## TASK STATEMENT
The data beneath this task is to be duplicated exactly, in its entirety.

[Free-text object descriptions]
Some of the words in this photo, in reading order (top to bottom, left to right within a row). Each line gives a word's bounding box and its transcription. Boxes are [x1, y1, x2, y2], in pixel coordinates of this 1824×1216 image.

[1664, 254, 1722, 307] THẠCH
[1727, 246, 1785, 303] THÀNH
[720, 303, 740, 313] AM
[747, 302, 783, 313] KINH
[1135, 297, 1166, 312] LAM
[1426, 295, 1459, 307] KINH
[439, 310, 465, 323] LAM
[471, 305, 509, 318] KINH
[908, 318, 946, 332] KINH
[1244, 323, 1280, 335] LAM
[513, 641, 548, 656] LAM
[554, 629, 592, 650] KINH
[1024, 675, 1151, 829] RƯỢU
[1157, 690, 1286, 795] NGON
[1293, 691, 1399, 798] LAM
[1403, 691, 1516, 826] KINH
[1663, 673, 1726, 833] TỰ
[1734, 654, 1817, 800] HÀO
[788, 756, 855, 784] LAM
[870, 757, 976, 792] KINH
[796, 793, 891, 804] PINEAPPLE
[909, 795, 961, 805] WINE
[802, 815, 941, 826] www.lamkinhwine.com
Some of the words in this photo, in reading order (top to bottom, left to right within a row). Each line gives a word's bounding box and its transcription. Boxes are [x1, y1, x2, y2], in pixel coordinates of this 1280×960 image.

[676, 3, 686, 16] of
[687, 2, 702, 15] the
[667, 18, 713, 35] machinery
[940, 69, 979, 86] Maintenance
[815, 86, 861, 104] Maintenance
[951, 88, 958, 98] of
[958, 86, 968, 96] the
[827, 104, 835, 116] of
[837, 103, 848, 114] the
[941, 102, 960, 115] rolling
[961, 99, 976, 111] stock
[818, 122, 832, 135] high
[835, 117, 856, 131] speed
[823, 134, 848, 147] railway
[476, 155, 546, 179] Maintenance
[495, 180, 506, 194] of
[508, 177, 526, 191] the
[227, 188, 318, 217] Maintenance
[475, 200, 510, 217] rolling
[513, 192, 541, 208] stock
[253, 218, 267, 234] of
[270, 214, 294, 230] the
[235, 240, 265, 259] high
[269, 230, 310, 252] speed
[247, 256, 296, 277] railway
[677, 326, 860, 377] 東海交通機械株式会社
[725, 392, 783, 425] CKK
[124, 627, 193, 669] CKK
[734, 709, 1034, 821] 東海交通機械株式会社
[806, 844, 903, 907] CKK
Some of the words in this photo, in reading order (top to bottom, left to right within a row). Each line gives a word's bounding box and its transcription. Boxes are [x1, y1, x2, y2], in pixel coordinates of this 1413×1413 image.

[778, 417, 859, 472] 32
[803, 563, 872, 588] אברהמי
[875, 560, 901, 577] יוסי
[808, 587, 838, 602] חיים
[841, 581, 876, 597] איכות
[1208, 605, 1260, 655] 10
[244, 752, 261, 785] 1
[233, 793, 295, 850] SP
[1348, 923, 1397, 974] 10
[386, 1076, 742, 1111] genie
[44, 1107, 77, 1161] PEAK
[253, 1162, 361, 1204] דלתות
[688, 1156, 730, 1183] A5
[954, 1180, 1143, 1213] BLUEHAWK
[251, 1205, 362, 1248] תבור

## RESULT OF THE TASK
Some of the words in this photo, in reading order (top to bottom, left to right within a row). Each line gives a word's bounding box and its transcription. Boxes are [x1, y1, x2, y2], in pixel coordinates of this 1824×1216 image.

[1664, 254, 1722, 307] THẠCH
[1727, 246, 1785, 303] THÀNH
[720, 303, 740, 313] AM
[747, 302, 783, 313] KINH
[1135, 297, 1166, 312] LAM
[1426, 295, 1459, 307] KINH
[439, 310, 465, 323] LAM
[471, 305, 509, 318] KINH
[908, 318, 946, 332] KINH
[1244, 323, 1280, 335] LAM
[513, 641, 548, 656] LAM
[554, 629, 592, 650] KINH
[1024, 675, 1151, 829] RƯỢU
[1157, 690, 1286, 795] NGON
[1293, 691, 1399, 798] LAM
[1403, 691, 1516, 826] KINH
[1663, 673, 1726, 833] TỰ
[1734, 654, 1817, 800] HÀO
[788, 756, 855, 784] LAM
[870, 757, 976, 792] KINH
[796, 793, 891, 804] PINEAPPLE
[909, 795, 961, 805] WINE
[802, 815, 941, 826] www.lamkinhwine.com
Some of the words in this photo, in reading order (top to bottom, left to right within a row). Each line gives a word's bounding box and its transcription. Boxes are [x1, y1, x2, y2], in pixel coordinates of this 1280×960 image.

[676, 3, 686, 16] of
[687, 2, 702, 15] the
[667, 18, 713, 35] machinery
[940, 69, 979, 86] Maintenance
[815, 86, 861, 104] Maintenance
[951, 88, 958, 98] of
[958, 86, 968, 96] the
[827, 104, 835, 116] of
[837, 103, 848, 114] the
[941, 102, 960, 115] rolling
[961, 99, 976, 111] stock
[818, 122, 832, 135] high
[835, 117, 856, 131] speed
[823, 134, 848, 147] railway
[476, 155, 546, 179] Maintenance
[495, 180, 506, 194] of
[508, 177, 526, 191] the
[227, 188, 318, 217] Maintenance
[475, 200, 510, 217] rolling
[513, 192, 541, 208] stock
[253, 218, 267, 234] of
[270, 214, 294, 230] the
[235, 240, 265, 259] high
[269, 230, 310, 252] speed
[247, 256, 296, 277] railway
[677, 326, 860, 377] 東海交通機械株式会社
[725, 392, 783, 425] CKK
[124, 627, 193, 669] CKK
[734, 709, 1034, 821] 東海交通機械株式会社
[806, 844, 903, 907] CKK
Some of the words in this photo, in reading order (top to bottom, left to right within a row). Each line gives a word's bounding box and its transcription. Boxes are [x1, y1, x2, y2], in pixel coordinates of this 1413×1413 image.

[778, 417, 859, 472] 32
[803, 563, 872, 588] אברהמי
[875, 560, 901, 577] יוסי
[808, 587, 838, 602] חיים
[841, 581, 876, 597] איכות
[1208, 605, 1260, 655] 10
[244, 752, 261, 785] 1
[233, 793, 295, 850] SP
[1348, 923, 1397, 974] 10
[386, 1076, 742, 1111] genie
[44, 1107, 77, 1161] PEAK
[253, 1162, 361, 1204] דלתות
[688, 1156, 730, 1183] A5
[954, 1180, 1143, 1213] BLUEHAWK
[251, 1205, 362, 1248] תבור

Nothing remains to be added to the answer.